= Jews and Christmas =

Interaction between Jews and a Christian holiday

Throughout the history of Christianity, Jewish peoples have been historically religious minorities in countries that were majority or even officially Christian. Over time, a unique relationship evolved between the Jews and the major Christian holiday of Christmas, including the creation of separate traditions and the intersection of Hanukkah and Christmas, among other convergences. Some practices perpetuate out of a feeling of otherness, while others are merely lighthearted activities that are accessible when shops are closed around Christmas time.

== Background ==

Judaism and Christianity have historically interacted and intersected while remaining both theologically and emotionally distinct. Many Jews have historically been the religious minority in majority-Christian countries, and have experienced antisemitism based in Christian beliefs. Historically, some Jewish groups have developed sentiments, traditions, and works of art and literature in opposition to Christianity; however, unlike Christian antisemitism, this Jewish anti-Christianity has generally been subtle and intended for the purpose of preserving the Jewish culture and way of life in the face of pressure to assimilate into the Christian religion.

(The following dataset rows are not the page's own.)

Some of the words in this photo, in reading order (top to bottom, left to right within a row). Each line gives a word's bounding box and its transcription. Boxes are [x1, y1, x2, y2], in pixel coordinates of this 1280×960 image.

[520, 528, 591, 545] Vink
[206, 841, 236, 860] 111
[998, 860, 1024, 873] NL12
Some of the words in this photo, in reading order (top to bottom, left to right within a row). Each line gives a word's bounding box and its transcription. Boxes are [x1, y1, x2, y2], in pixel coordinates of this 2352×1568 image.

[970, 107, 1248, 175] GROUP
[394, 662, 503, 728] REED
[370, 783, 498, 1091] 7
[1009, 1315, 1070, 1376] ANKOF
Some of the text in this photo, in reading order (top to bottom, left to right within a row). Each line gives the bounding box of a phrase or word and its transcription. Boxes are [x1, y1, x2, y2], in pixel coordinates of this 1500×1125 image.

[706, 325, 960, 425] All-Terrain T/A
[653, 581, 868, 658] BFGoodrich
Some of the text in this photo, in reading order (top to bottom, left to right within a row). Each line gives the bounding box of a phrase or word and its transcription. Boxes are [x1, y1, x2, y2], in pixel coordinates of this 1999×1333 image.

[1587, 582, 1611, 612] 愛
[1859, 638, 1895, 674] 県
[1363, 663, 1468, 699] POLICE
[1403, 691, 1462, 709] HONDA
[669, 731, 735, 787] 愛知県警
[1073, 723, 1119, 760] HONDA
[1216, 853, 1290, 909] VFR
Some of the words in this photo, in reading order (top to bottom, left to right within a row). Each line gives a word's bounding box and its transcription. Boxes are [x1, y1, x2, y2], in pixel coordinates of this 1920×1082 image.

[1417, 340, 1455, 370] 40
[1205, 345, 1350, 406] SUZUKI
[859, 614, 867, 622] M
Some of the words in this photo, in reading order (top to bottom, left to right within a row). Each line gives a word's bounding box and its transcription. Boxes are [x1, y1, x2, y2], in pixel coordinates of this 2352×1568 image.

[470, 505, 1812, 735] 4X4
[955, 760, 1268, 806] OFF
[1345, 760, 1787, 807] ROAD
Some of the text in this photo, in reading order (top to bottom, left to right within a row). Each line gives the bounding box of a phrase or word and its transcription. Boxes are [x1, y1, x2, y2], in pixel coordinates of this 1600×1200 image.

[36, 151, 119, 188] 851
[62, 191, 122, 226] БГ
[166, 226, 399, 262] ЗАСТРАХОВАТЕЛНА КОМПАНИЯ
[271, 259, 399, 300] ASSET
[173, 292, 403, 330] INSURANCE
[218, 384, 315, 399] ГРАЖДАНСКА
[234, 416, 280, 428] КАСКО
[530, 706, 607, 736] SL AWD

One example of this phenomenon is Toledot Yeshu (ספר תולדות ישו), a popular text among medieval and early modern Jews which attacks the Christian mythology of Christ through parody. While it was not accepted within mainstream Rabbinic Judaism, the text was considered an important historical source by Jewish scribes and scholars.

According to Marc B. Shapiro, the word Christmas does not appear in rabbinic literature, in adherence to the Halakhic prohibition of mentioning the name of an idolatrous holiday if that name represents the idol in question as divine or sovereign. In medieval Jewish texts, the holiday is referred to as Nittel, derived from the Medieval Latin Natale Dominus which is also the etymological source of the French name for Christmas Noël.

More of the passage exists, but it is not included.